Travel app

Introduction

People generally feel that booking of flight ticket should be done as earlier as possible to get the best deal. But does booking flight tickets earlier always yield the cheapest price? Or is there a specific day of the week to book a flight or to travel on that minimizes the price of the tickets? To answer these question we’ve setup a data pipeline to retrieve and store flight price data in a structured format in Cosmos DB [1]. In our analysis, we derive insights about the trends in flight prices, the cheapest day and part of the day to travel and compare our results with the study done by ‘Hopper.com’ [2]. Secondly, we create a vacation recommendation engine, by using flight data collected and combining it with points of interest data in those specific locations to inspire a person for the next travel.

Project objectives

First, answer the following questions that will help travellers to optimize their expenditures when booking the flight tickets:

  • Does booking flight tickets earlier always yield the cheapest price? Or is there a specific day of the week where the prices are lower?
  • When is the cheapest day of the week for travelling by plane on a specific route?
  • What is the cheapest day-part to travel, i.e. morning, afternoon or night?

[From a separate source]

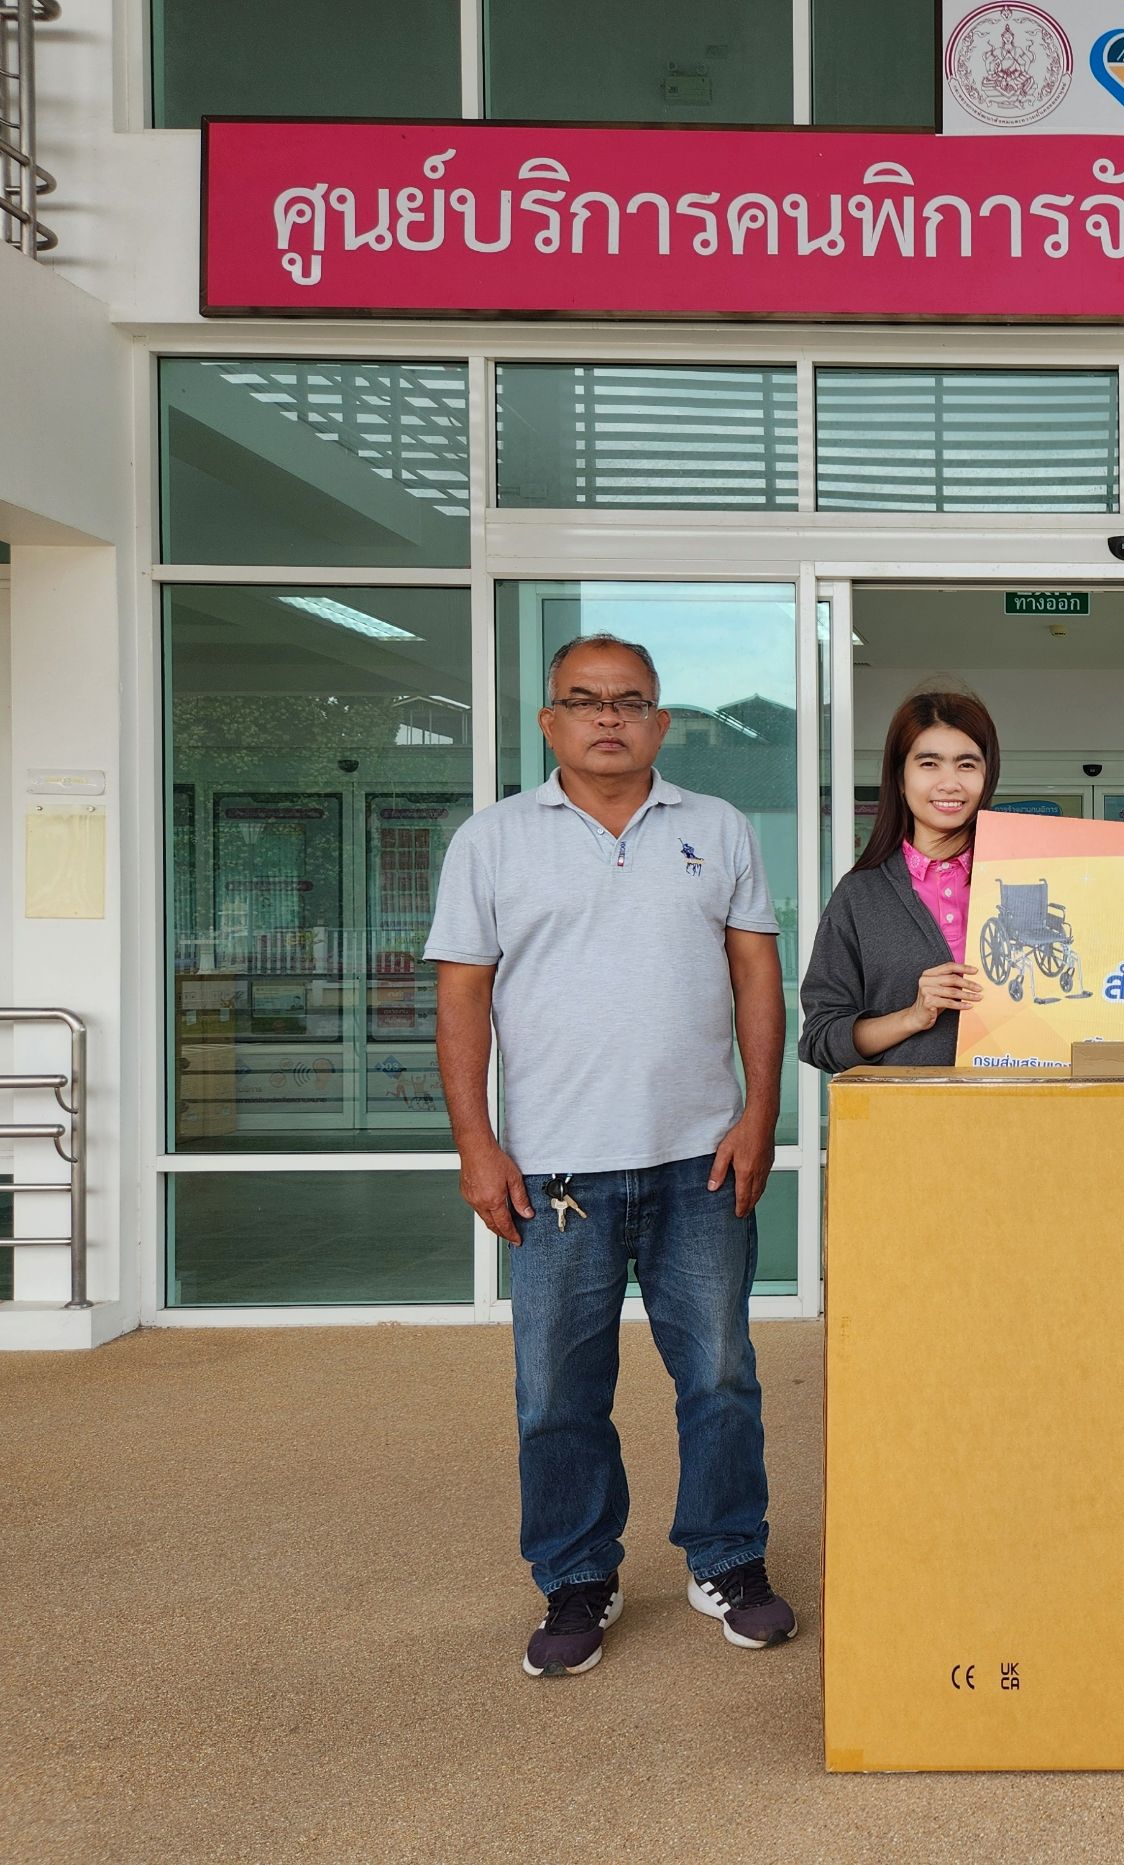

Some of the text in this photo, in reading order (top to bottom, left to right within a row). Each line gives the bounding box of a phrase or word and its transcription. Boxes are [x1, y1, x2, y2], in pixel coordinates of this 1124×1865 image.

Second, help the travellers to plan a vacation and get inspiring recommendations when you have only a budget you want to spend, origin airport and a month of travel at hand.

Plan of Work

  1. Set recurring job with Azure Logic Apps [3] to obtain price for flight tickets from ORD (Chicago O’Hare) on 4 destinations: DEN, NYC (EWR, JFK, LGA), LAX, MIA. Prices obtained twice a day at midnight and noon from 1st November, 2018 to 20th November, 2018.
  2. Collect data for the flights planned for two weeks in December: 12/02/2018 - 12/08/2018 and 12/23/2018 - 12/29/2018.
  3. Parse response data and add it to NoSQL database (Cosmos DB).
  4. Set a job with Azure Logic Apps to run ‘inspiration search’ for roundtrip flight tickets, in other words, to obtain a price-map of roundtrip flight tickets from origin to different destinations for a specific months.
  5. Obtain data on points of interest for various destinations with Triposo API [4] and add it to a different collection of NoSQL database.
  6. Set the connection between Tableau[5] and Cosmos DB.
  7. Perform data exploration and analysis to answer questions for the first objective of the project.
  8. Build an interactive Tableau dashboard of price-map from inspiration flight tickets search.
  9. Show recommendations of things to do based on the user’s choice of destination and interests.

Literature Review

Analyzing flight prices to determine if there is a particular pattern that airlines follow while announcing the airfares for different routes is the first objective of this project. Referring to the various sources from the citation it is clear that there is a variety of responses.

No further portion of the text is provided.